Dr. William Beaubien-Souligny, Ph.D.
Centre de Recherche du Centre Hospitalier de l'Université de Montréal
KRESCENT New Investigator Award
2021 - 2023
$210,000
Acute Kidney Injury

Lay Summary

Individuals who becomes critically ill and are admitted to the intensive care unit often develop kidney injury which can be severe enough to impair the ability to produce urine. In this setting, fluid is likely to accumulate and this may cause important complications, including potentially reducing the chances of kidney recovery in the long term. Renal replacement therapy (i.e. Dialysis) enable mechanical fluid removal which is used to maintain fluid balance. However, the prescription of fluid removal is challenging for physician. A rapid fluid removal rate may increase the risk of instability in critically ill individuals, carrying a risk for serious adverse events, while slow fluid removal promote fluid accumulation leading to aforementioned complications. Despite being a daily decision clinicians must make, there is a large variability in the fluid removal prescription and few concrete source of evidence to define what is the optimal approach. In a recent international survey among 2567 health practitioners, significant variations in fluid removal practices were noted. Most practitioners (81.4%) indicated that a protocol outlining how fluid removal should be prescribed would be useful although the precise nature of such a protocol is unknown.

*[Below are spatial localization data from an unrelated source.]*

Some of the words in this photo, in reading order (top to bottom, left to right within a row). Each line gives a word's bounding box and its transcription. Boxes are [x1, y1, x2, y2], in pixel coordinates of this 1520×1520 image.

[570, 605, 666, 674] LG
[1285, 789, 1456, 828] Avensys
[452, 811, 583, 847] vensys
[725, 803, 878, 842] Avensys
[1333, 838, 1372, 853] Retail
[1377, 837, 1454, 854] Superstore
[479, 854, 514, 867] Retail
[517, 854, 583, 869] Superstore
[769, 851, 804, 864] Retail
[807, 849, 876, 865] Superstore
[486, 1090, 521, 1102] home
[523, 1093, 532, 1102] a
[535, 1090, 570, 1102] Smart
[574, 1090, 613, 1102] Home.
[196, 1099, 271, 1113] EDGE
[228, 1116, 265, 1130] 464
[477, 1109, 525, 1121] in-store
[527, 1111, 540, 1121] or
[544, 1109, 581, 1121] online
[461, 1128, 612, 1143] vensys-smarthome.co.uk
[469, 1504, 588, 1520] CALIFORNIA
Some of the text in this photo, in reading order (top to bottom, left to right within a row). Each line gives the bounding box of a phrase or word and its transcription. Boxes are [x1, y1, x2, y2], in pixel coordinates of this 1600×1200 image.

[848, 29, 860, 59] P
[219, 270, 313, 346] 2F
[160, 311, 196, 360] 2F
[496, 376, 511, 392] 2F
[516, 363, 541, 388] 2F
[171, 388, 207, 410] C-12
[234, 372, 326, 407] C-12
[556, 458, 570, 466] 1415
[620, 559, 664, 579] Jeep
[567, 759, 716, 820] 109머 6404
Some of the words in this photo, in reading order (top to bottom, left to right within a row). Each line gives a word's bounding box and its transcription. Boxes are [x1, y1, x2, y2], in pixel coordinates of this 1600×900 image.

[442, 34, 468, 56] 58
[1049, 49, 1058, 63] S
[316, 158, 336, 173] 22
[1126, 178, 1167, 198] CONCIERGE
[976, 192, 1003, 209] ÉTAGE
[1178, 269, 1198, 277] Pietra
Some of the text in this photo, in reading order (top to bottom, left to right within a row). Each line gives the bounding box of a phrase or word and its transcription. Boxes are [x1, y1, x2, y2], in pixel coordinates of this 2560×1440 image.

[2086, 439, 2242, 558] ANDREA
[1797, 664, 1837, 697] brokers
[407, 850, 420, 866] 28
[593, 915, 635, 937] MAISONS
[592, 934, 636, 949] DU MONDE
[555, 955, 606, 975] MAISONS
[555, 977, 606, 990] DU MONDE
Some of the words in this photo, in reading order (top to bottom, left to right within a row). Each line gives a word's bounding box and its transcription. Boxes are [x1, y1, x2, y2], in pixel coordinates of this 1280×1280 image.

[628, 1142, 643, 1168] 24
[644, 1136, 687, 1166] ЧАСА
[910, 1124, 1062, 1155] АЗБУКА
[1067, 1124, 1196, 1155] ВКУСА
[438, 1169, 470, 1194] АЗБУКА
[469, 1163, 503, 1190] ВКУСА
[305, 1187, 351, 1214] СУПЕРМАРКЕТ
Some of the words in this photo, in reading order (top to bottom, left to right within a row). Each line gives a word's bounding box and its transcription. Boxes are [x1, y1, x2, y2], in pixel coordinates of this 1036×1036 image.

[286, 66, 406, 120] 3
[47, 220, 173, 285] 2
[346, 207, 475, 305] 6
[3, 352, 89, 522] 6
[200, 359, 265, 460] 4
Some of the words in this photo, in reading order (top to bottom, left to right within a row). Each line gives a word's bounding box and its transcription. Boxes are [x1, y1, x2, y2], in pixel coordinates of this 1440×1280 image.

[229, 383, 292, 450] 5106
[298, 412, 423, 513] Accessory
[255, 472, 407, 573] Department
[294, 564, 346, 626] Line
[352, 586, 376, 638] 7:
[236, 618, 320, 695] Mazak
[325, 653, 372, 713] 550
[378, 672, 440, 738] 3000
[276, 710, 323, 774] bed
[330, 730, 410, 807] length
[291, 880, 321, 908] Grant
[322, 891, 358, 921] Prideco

The objective of my research program is to generate practical data that would help physician and nurses to safely optimize fluid removal using renal replacement therapy in the intensive care unit. First, using large databases, I will describe the element that predicts which patients will tolerate fluid removal and the factors associated with a failure to achieve the desired fluid removal. This is likely to help physician to personalize their fluid removal prescription based of the characteristics of their patients, thereby reducing the risk of blood pressure drops while optimizing the efficacy of fluid removal. Secondly, I will conduct a pilot clinical trial to determine whether it is feasible to implement protocolized fluid removal and compare it to standard care. A protocolized fluid removal prescription is likely to improve safety and efficacy of fluid removal. However, no trial has demonstrated this so far. Demonstrating the feasibility of this approach would support the need to perform a large clinical trial to determine if protocolized fluid removal can improve outcome including reducing the risk of death or end-stage chronic kidney disease in the long term.